It was especially exciting for me that my mother’s brother, my Uncle Bernhard, owned a sawmill and on some mornings took me with him on his horse-drawn buggy and let me drive. Uncle Bernhard was married and had a child. I also remember that gypsies would come to the houses with a bear that they brought along with them. The gypsies would play music and the bear would dance along, after which they collected money. All of the relatives that lived there were murdered in 1941 after the German invasion of Poland: my grandparents, my Uncle Bernhard, his wife and their child.

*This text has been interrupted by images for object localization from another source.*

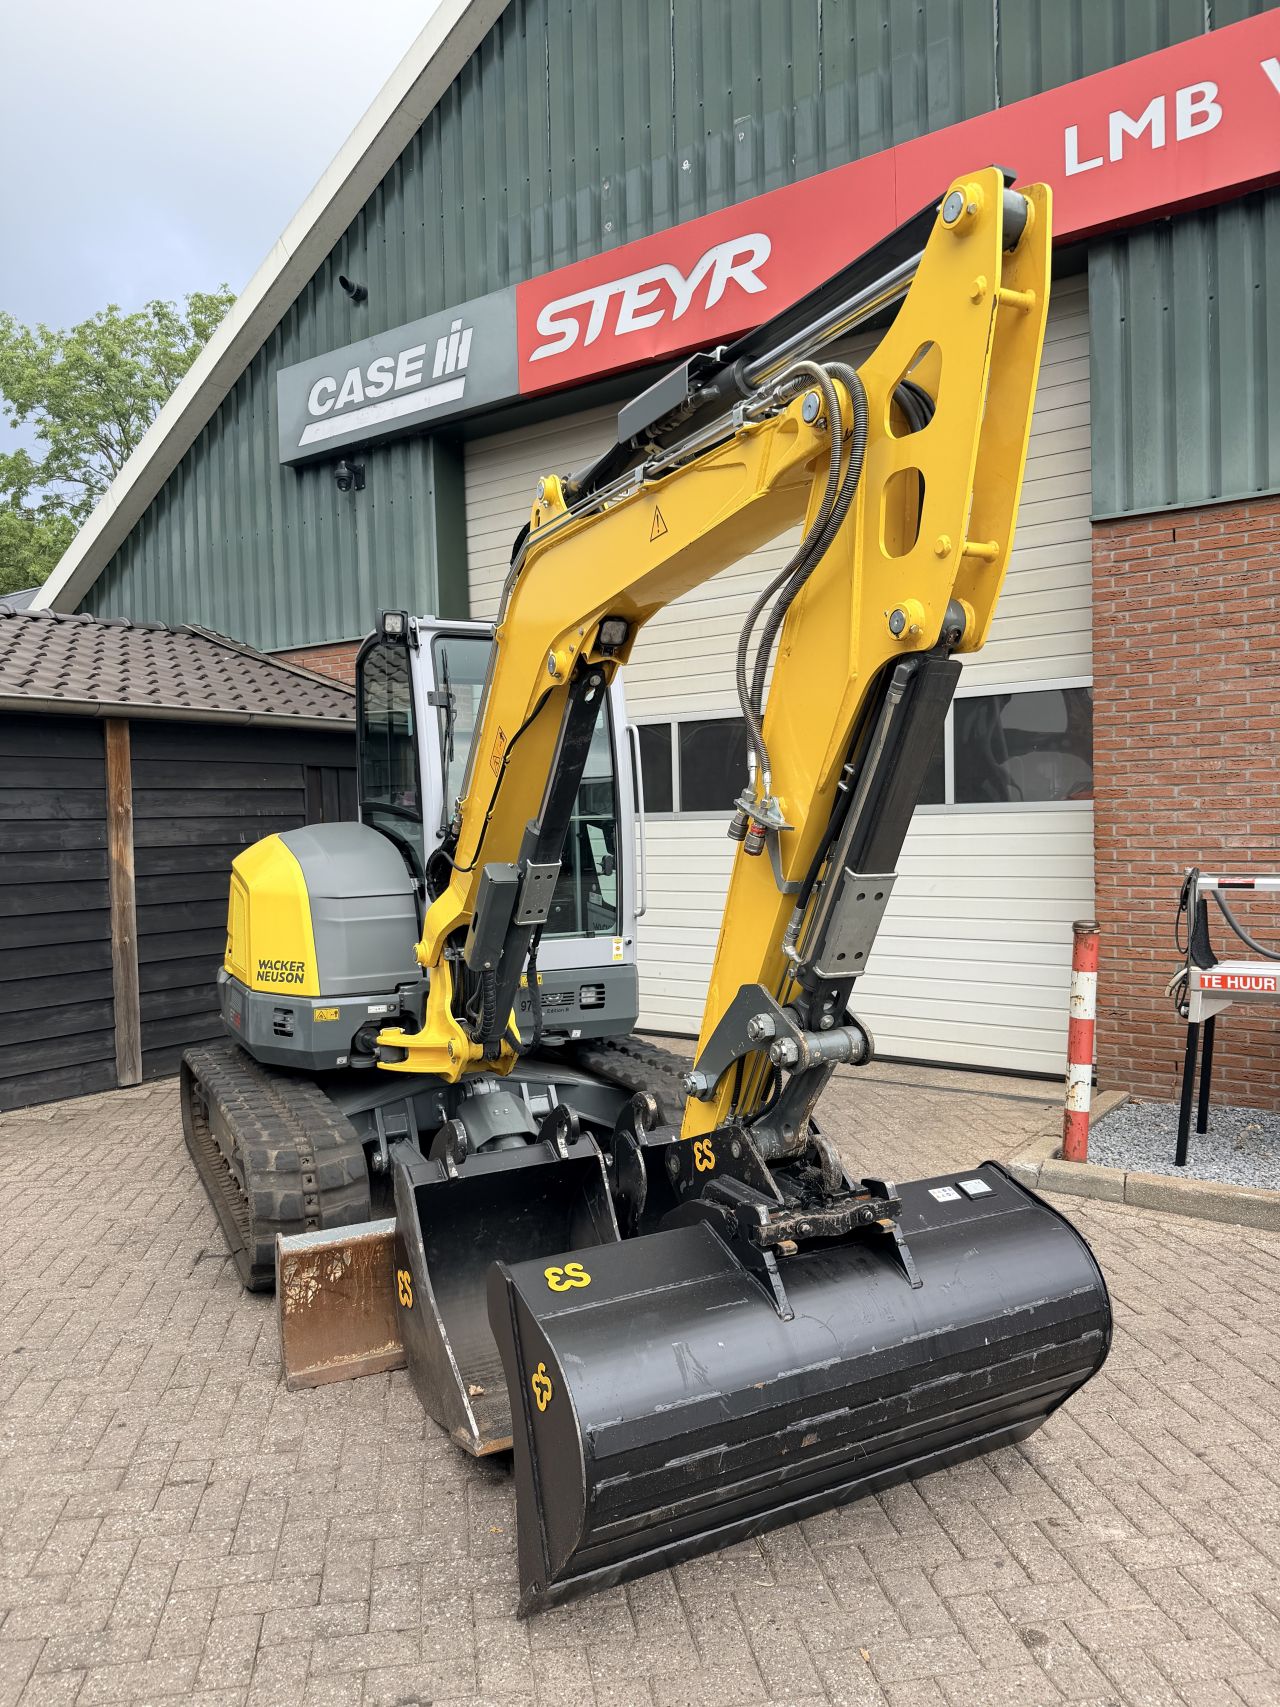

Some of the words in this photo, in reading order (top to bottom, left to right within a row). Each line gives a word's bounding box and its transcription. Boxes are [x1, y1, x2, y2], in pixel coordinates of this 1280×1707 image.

[1064, 80, 1224, 177] LMB
[528, 232, 772, 363] STEYR
[307, 343, 427, 417] CASE
[256, 971, 305, 984] NEUSON
[258, 959, 306, 973] WACKER
[1201, 975, 1222, 988] TE
[1227, 976, 1276, 990] HUUR
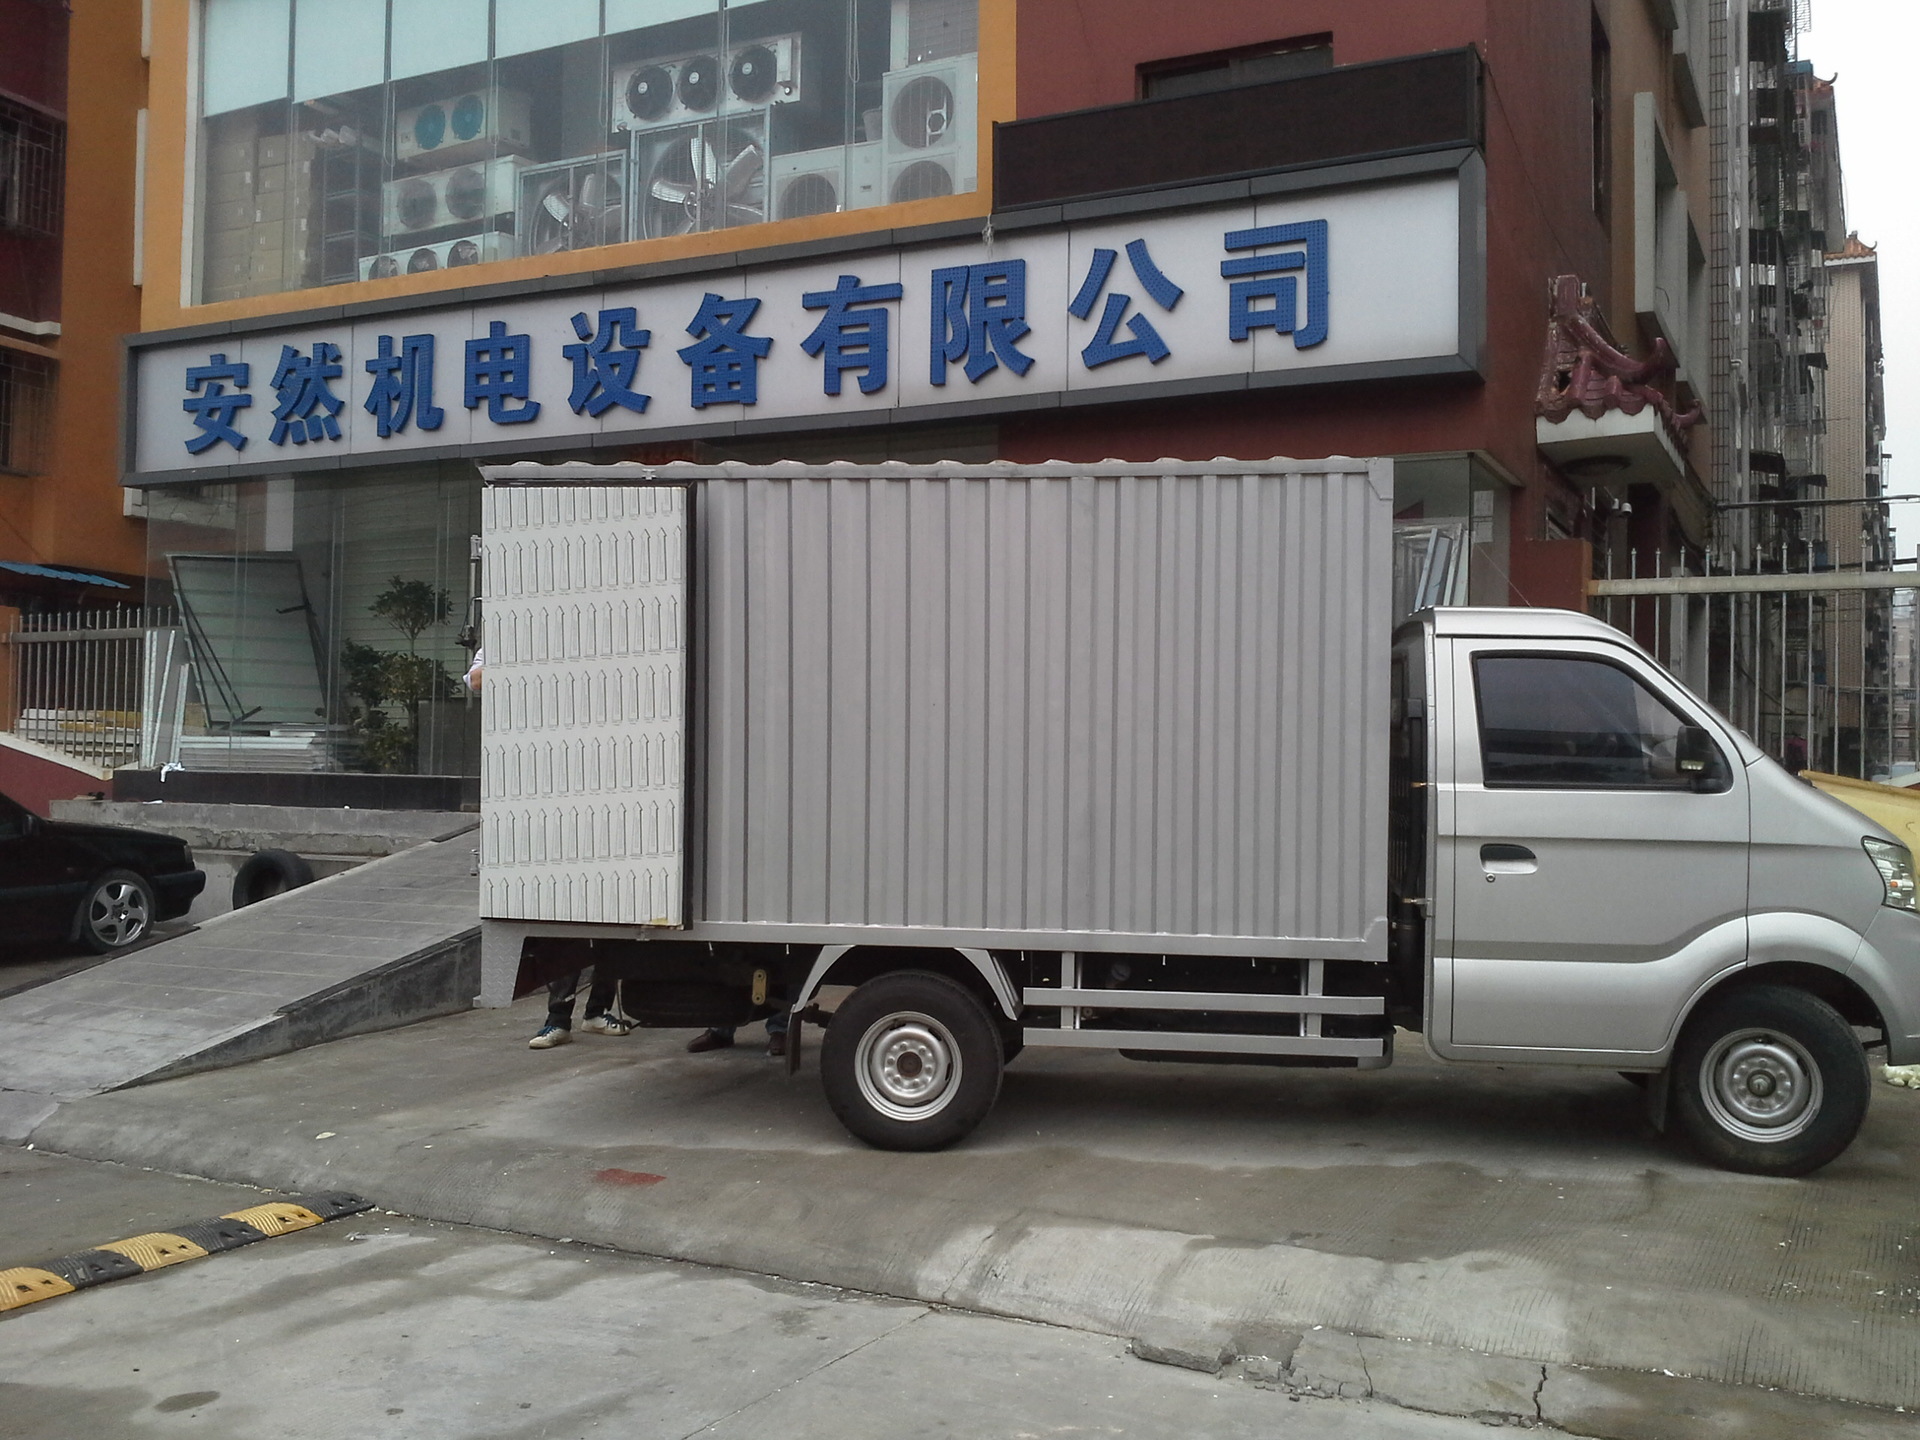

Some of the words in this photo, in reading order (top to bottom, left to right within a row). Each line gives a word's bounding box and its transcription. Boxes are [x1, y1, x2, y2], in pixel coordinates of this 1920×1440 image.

I don’t know where my parents met. I do know that it was through a shidduch, a matchmaker, since back then you didn’t just meet someone and marry out of love. Everything was arranged. I think my parents married in Vienna, but they could have also been married in Galicia and again in Vienna, as there was only ritual marriage in Galicia. My sisters Edith and Cäcillie, Cilli for short, are twins and we born on October 19th, 1916. By that point my father wasn’t working anymore for grandfather’s business; he was already self-employed. I think my father was in the Austria-Hungary military for a short time during the First World War. When he got back, he became self-employed because he had always wanted to be self-employed. Of course, he didn’t have a lot of money, but all the people he knew in the trade said to him: “Mr. Uri, if you need something, we will give you what you want. We know that you’ll pay.”

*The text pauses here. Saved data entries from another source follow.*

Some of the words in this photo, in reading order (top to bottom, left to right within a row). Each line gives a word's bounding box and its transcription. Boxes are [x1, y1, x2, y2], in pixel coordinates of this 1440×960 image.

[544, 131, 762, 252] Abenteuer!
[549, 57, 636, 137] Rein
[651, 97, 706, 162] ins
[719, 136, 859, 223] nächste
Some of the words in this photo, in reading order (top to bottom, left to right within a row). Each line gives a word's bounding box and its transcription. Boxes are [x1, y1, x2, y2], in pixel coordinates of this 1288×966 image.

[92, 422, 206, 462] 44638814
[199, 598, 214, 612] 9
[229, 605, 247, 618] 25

My father’s business was located in the 2nd district, Ober-Donau-Strasse 49; that’s the corner at Tabor-Strasse. It was a large shop with men’s ready-to-wear clothing. My father had 20 employees, including cutters, since clothes were cut and assembled there. They were mostly young Jewish men. The employees often went to the Strombad, a pool situated directly in the Danube Canal, during their lunch break.  We had a giant storeroom with the rolls of fabric and I remember that if they also went out in the evenings they were often too tired to go home afterwards and would make up a bed with the rolls of fabric. I know that because they told me.

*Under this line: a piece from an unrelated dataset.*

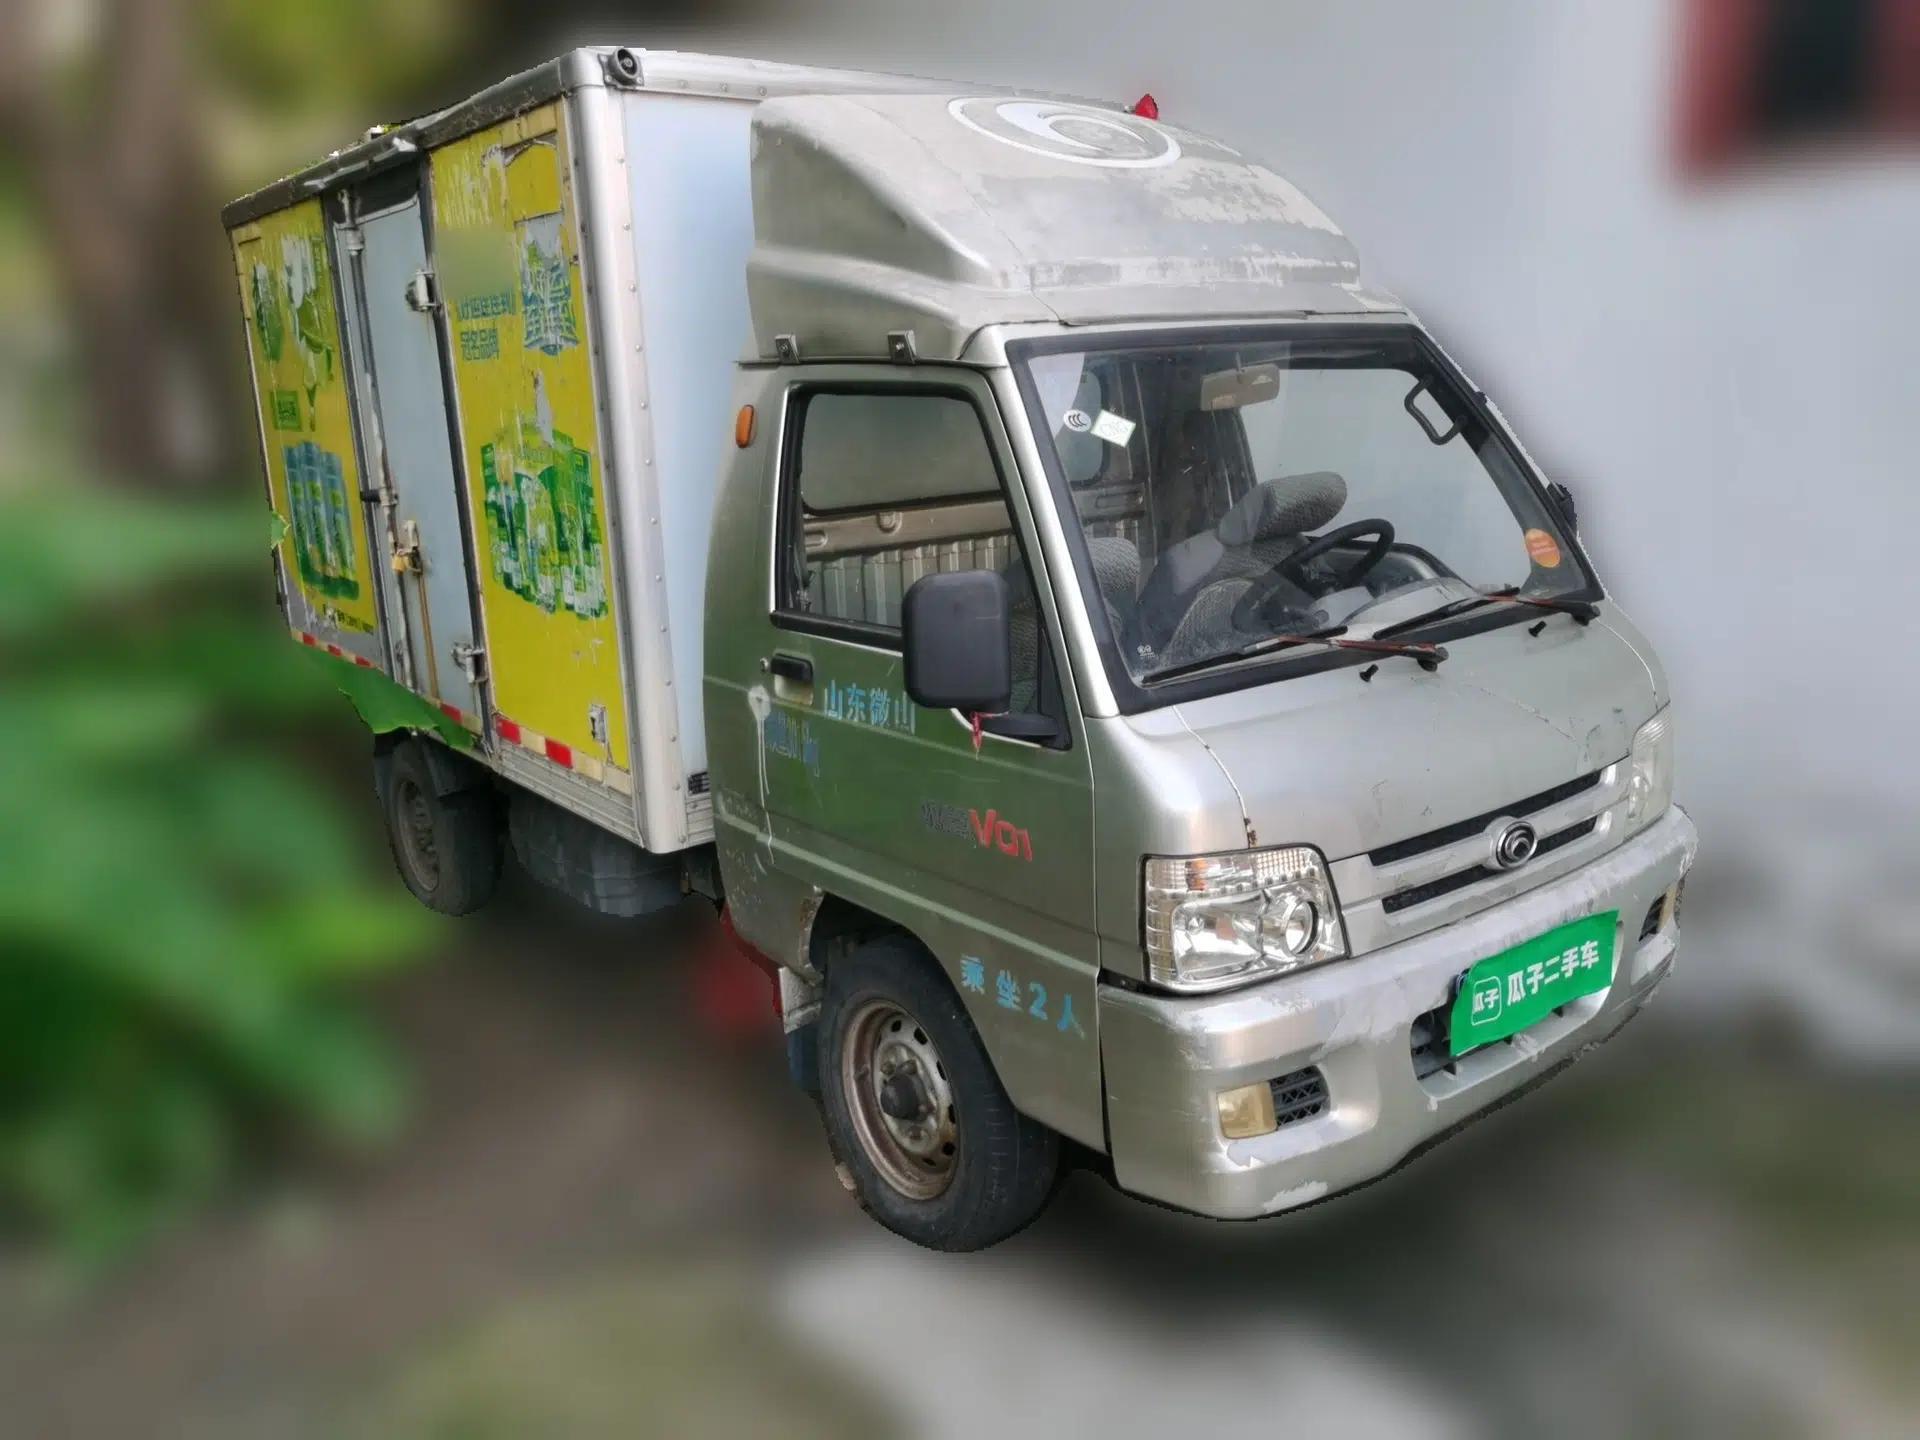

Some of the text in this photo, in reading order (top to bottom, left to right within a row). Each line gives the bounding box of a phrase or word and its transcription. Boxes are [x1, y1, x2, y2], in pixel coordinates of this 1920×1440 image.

My father was well liked and very successful and then the whole thing with his sister Frieda happened and he had to make Moses Zwick his co-partner. Moses Zwick was not good for the business; he was a snob and only cared about himself and if he was ever in the shop he fought with the customers, made stupid jokes, and didn’t get along with the other employees. He wasn’t any good for my Aunt or for my father, who had to work a lot. As long as my father was alive, the customers at my father’s shop remained loyal.

My Childhood

I was born in Vienna on February 28th, 1921. At the time my parents were living in the 1st district, at Salvator-Gasse 10. There were three staircases in the building: my grandparents lived above the first and we lived above the third. All four children, my twin sisters, me, and my brother Ludwig, who was born on November 7th, 1926, were born in this apartment since my mother didn’t want to want to deliver her children in a hospital. I can remember when Ludwig was born and I heard the baby’s screams from the room and my father said to me: “Maxl, you aren’t worth anything now, now we have another boy.” But he was just saying that; he was very fond of me.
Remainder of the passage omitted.